As is the court’s custom in rulings on emergency applications, its brief order gave no reasons.
But the three most conservative members of the court — Justices Clarence Thomas, Samuel A. Alito Jr. and Neil M. Gorsuch — issued a lengthy dissent, saying the majority had gone badly astray.
“Where many other states have adopted religious exemptions, Maine has charted a different course,” Justice Gorsuch wrote for the dissenting justices. “There, health care workers who have served on the front line of a pandemic for the last 18 months are now being fired and their practices shuttered. All for adhering to their constitutionally protected religious beliefs. Their plight is worthy of our attention.”
The court had earlier rejected challenges to vaccination requirements at Indiana University and for personnel in New York City’s school system.
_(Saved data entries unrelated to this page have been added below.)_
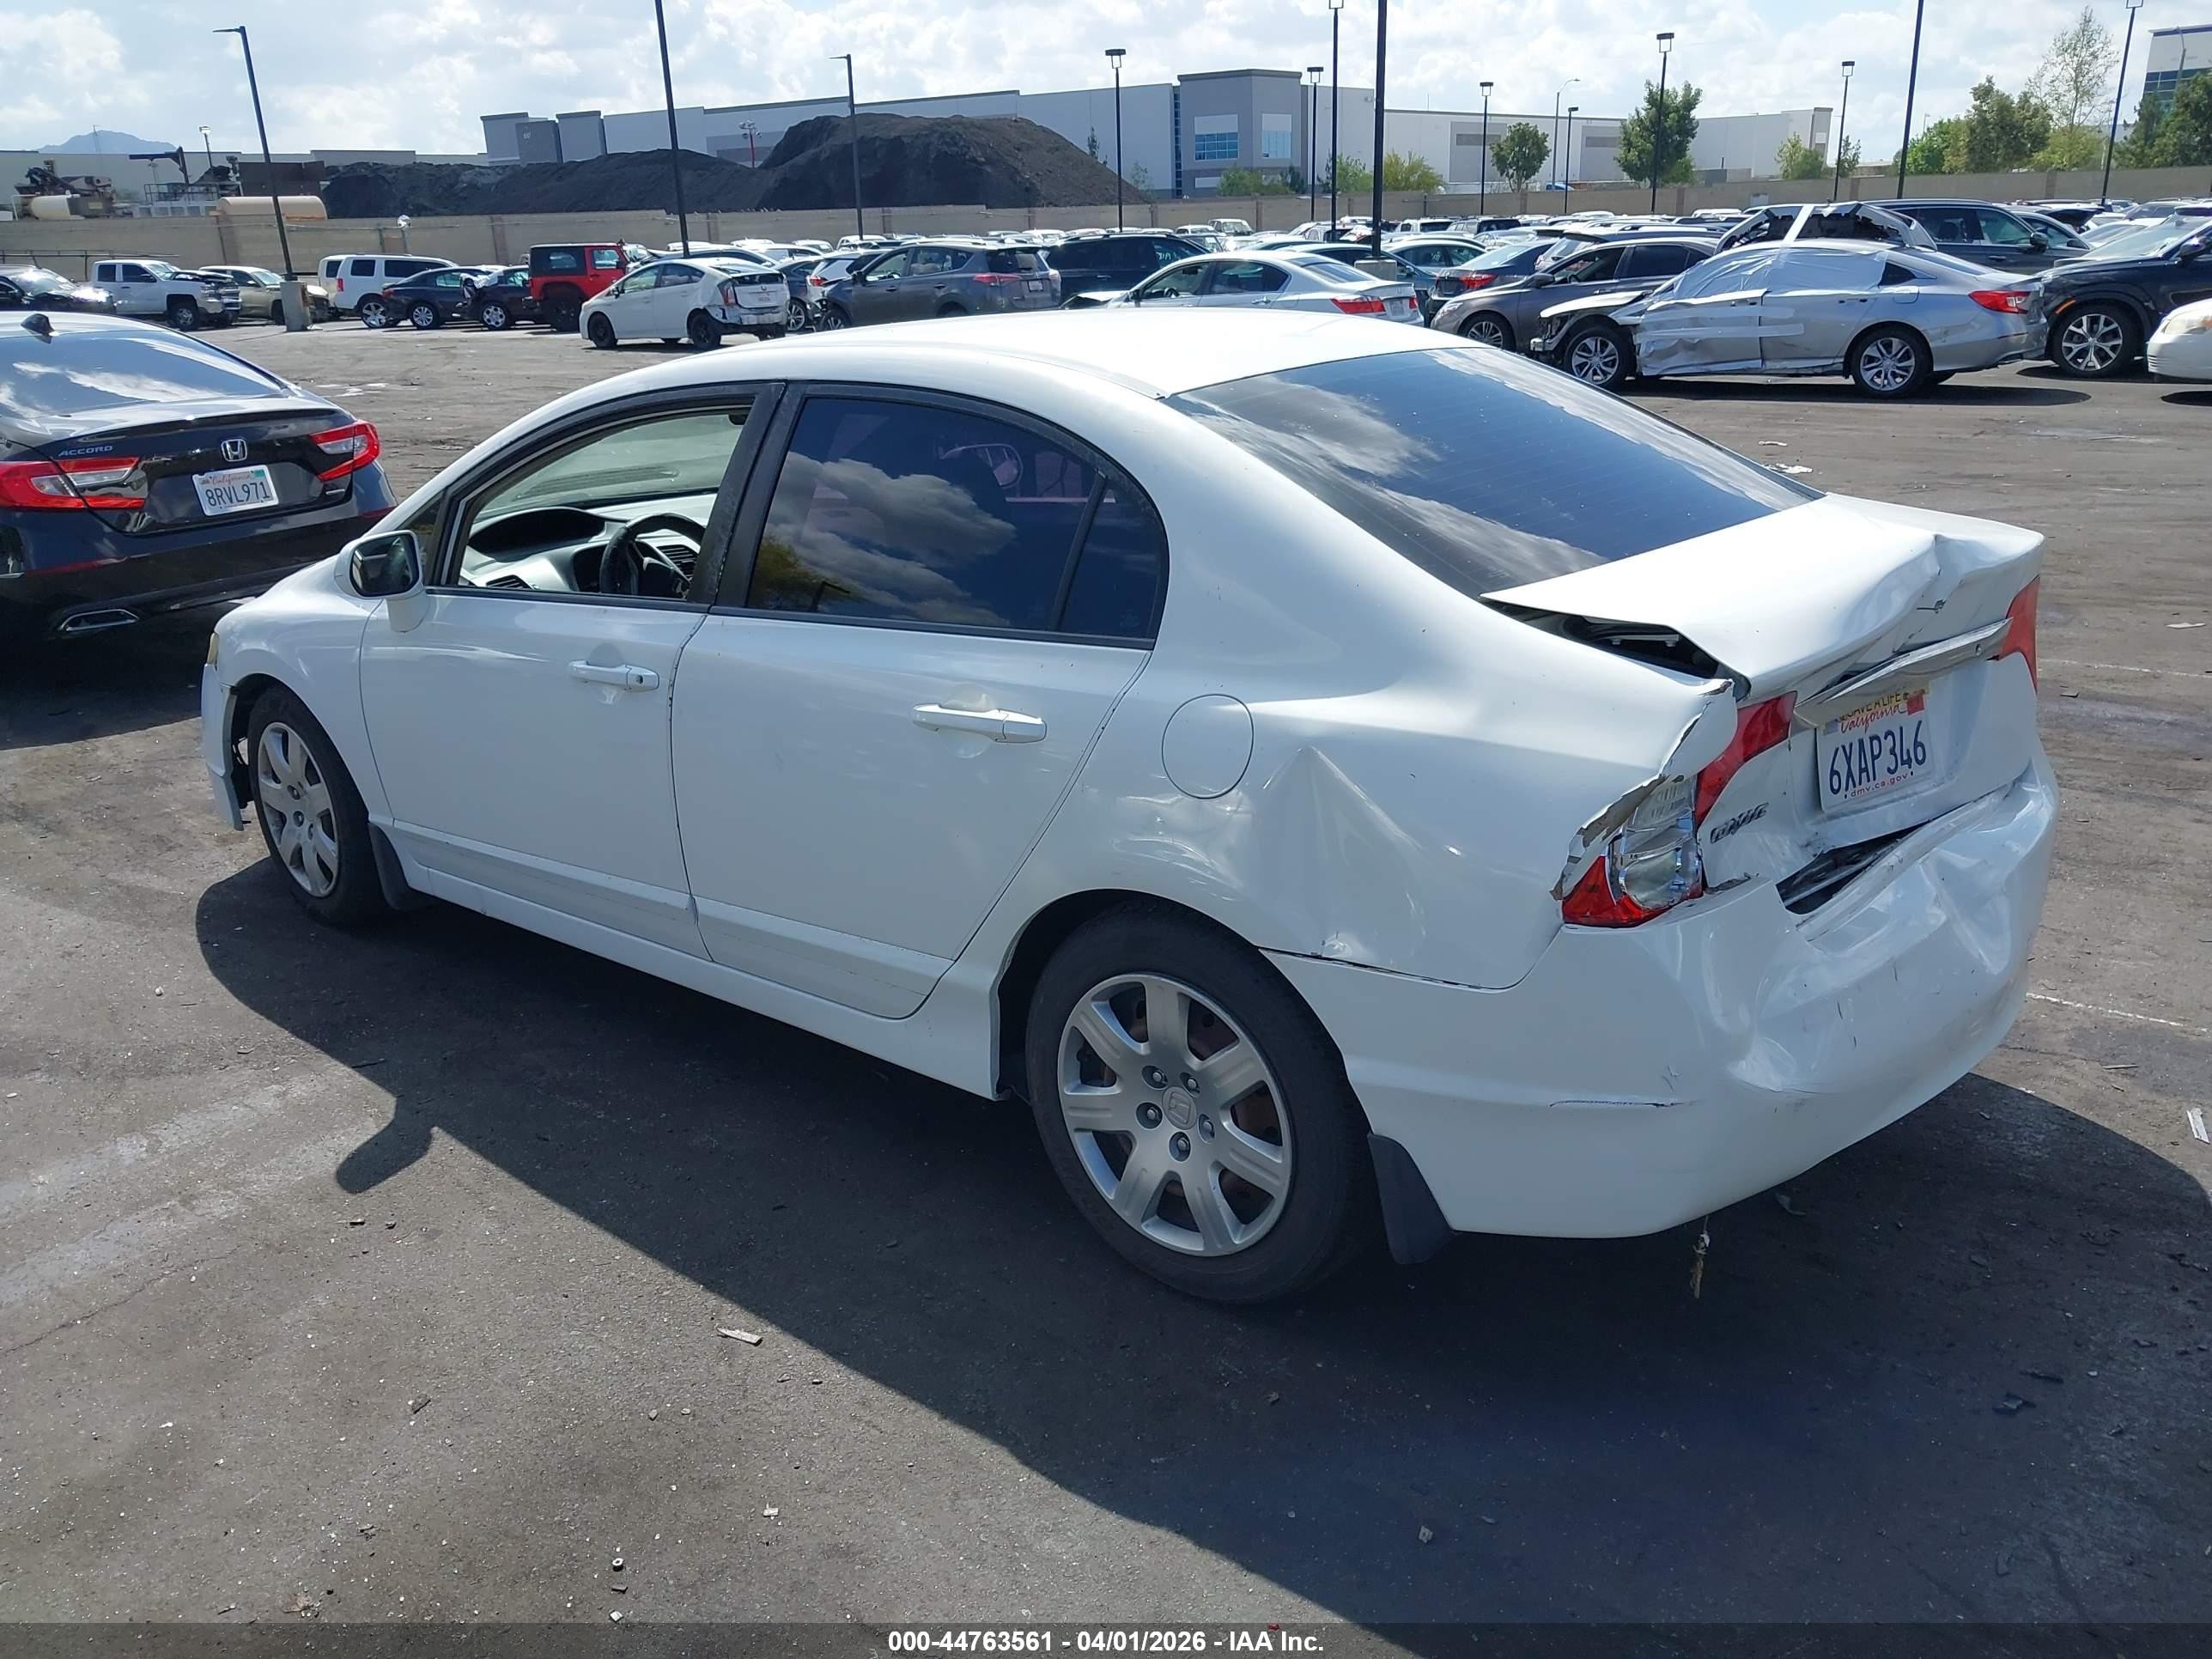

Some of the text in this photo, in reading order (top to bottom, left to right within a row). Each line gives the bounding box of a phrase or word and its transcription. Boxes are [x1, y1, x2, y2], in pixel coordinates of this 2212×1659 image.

[58, 445, 113, 457] ACCORD
[205, 482, 270, 507] 8RVL971
[1840, 703, 1908, 734] California
[1829, 720, 1927, 795] 6XAP346
[1850, 774, 1908, 798] dmv.ca.gov
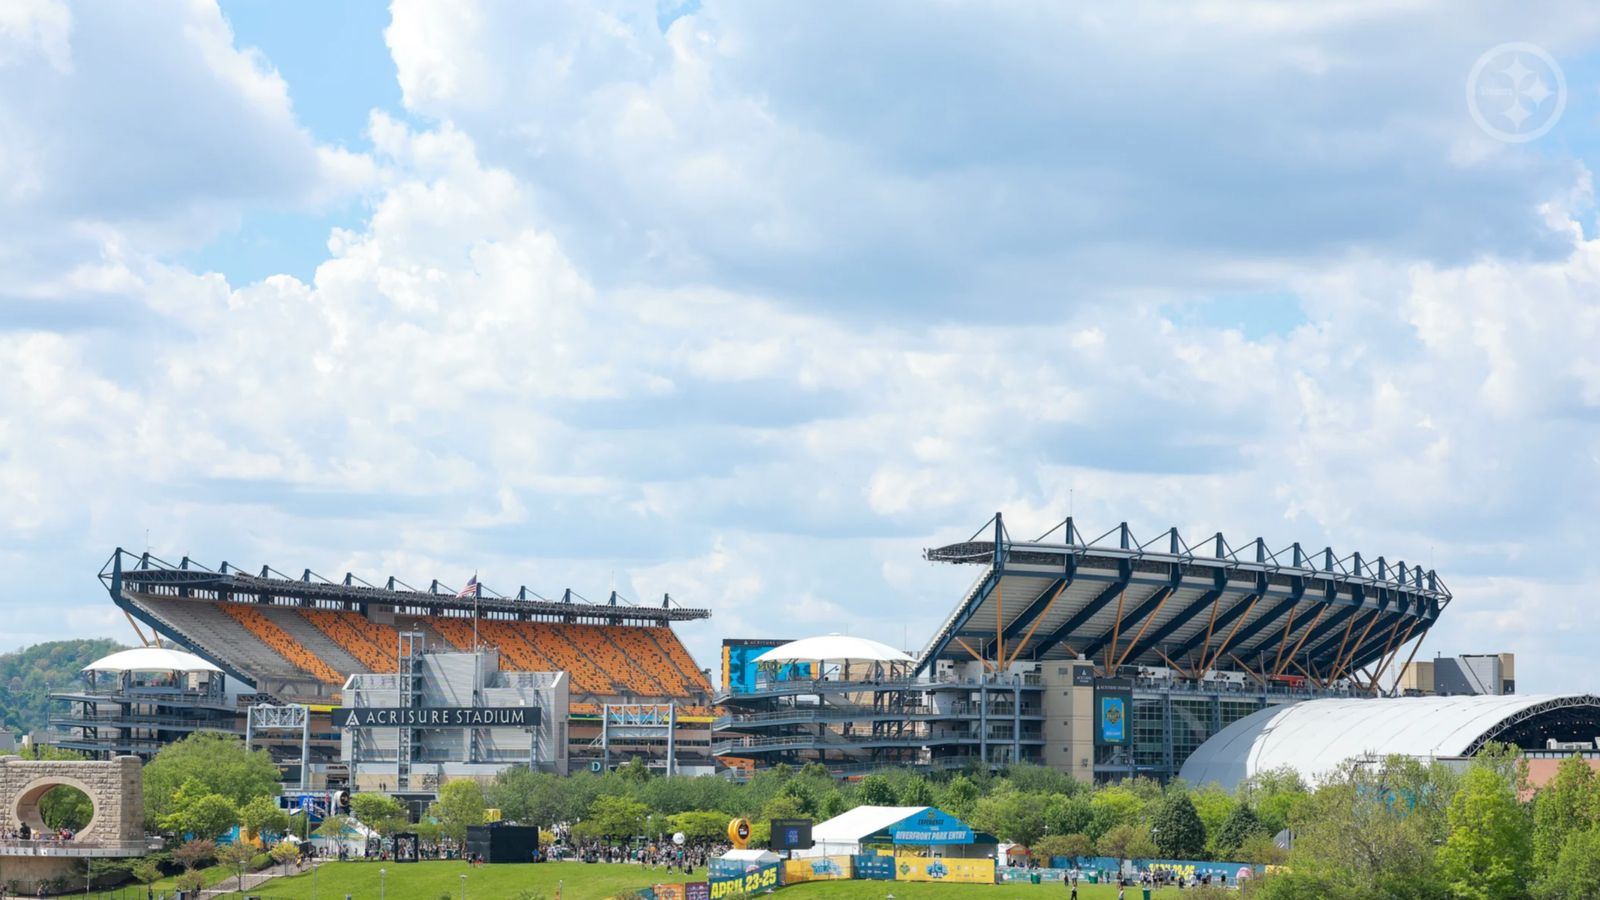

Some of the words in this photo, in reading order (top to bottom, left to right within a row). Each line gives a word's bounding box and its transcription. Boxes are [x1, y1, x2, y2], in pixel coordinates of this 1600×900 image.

Those rulings were issued by just one justice, which can be a sign that the legal questions involved were not considered substantial.
But those earlier rulings did not involve religion. The court has in other settings been quite protective of religious practices, even when they seemed at odds with public health. It has, for instance, repeatedly blocked state shutdown orders that treated houses of worship less favorably than what the justices in the majority said were comparable secular activities.
Friday’s ruling was, at least in that sense, something of a surprise.
Justice Amy Coney Barrett, joined by Justice Brett M. Kavanaugh, filed a brief concurring opinion. She said the court should be wary of making momentous decisions “on a short fuse without benefit of full briefing and oral argument.”
The concurrence seemed to have a dual purpose: of indicating that the two justices were not signaling how they would vote if the question reached the court in a more deliberate fashion and of cautioning litigants against the overuse of what critics call the court’s “shadow docket.”
Maine has required health care workers to be vaccinated against various contagious diseases since 1989, and eliminated exemptions on religious or philosophical grounds under a state law enacted in 2019, before the coronavirus pandemic began. The state does exempt workers for whom the given vaccine would be “medically inadvisable” in the judgment of a health care professional.
The 2019 law was the subject of a referendum, with about 73 percent of the state’s voters approving it.
The state included a coronavirus vaccine among the required vaccinations in a regulation issued in August, setting a deadline of Oct. 29. Several health care workers sued, saying the requirement violated their constitutional right to the free exercise of religion.
Judge Jon D. Levy of the Federal District Court in Maine ruled against the plaintiffs.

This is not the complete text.